* [EXERCISE REQUIREMENTS]:
In full and word for word, return the listing that follows.

======== DATASET RECORDS

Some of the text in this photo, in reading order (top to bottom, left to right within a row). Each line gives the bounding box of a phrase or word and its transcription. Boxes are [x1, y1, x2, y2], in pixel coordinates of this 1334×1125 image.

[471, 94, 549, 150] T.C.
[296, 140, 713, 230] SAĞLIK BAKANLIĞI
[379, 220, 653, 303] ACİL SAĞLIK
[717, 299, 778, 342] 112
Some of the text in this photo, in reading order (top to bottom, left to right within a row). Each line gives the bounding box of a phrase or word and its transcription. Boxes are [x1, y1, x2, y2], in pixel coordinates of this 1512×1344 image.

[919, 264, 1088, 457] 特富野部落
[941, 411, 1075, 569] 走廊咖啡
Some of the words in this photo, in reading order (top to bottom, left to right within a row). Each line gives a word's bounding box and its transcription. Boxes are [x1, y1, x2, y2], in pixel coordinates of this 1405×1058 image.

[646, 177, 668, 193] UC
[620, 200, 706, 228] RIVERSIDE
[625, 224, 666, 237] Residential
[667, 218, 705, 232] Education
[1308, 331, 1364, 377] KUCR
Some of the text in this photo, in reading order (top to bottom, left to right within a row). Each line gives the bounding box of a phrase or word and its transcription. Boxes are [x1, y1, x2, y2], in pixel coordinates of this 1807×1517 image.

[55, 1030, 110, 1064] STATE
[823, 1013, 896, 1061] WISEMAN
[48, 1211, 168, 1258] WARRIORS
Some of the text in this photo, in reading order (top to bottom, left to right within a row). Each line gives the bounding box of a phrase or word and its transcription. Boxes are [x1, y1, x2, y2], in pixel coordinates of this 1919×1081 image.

================

* [EXERCISE RESULT]:
Some of the text in this photo, in reading order (top to bottom, left to right within a row). Each line gives the bounding box of a phrase or word and its transcription. Boxes are [x1, y1, x2, y2], in pixel coordinates of this 1334×1125 image.

[471, 94, 549, 150] T.C.
[296, 140, 713, 230] SAĞLIK BAKANLIĞI
[379, 220, 653, 303] ACİL SAĞLIK
[717, 299, 778, 342] 112
Some of the text in this photo, in reading order (top to bottom, left to right within a row). Each line gives the bounding box of a phrase or word and its transcription. Boxes are [x1, y1, x2, y2], in pixel coordinates of this 1512×1344 image.

[919, 264, 1088, 457] 特富野部落
[941, 411, 1075, 569] 走廊咖啡
Some of the words in this photo, in reading order (top to bottom, left to right within a row). Each line gives a word's bounding box and its transcription. Boxes are [x1, y1, x2, y2], in pixel coordinates of this 1405×1058 image.

[646, 177, 668, 193] UC
[620, 200, 706, 228] RIVERSIDE
[625, 224, 666, 237] Residential
[667, 218, 705, 232] Education
[1308, 331, 1364, 377] KUCR
Some of the text in this photo, in reading order (top to bottom, left to right within a row). Each line gives the bounding box of a phrase or word and its transcription. Boxes are [x1, y1, x2, y2], in pixel coordinates of this 1807×1517 image.

[55, 1030, 110, 1064] STATE
[823, 1013, 896, 1061] WISEMAN
[48, 1211, 168, 1258] WARRIORS
Some of the text in this photo, in reading order (top to bottom, left to right within a row). Each line gives the bounding box of a phrase or word and its transcription. Boxes are [x1, y1, x2, y2], in pixel coordinates of this 1919×1081 image.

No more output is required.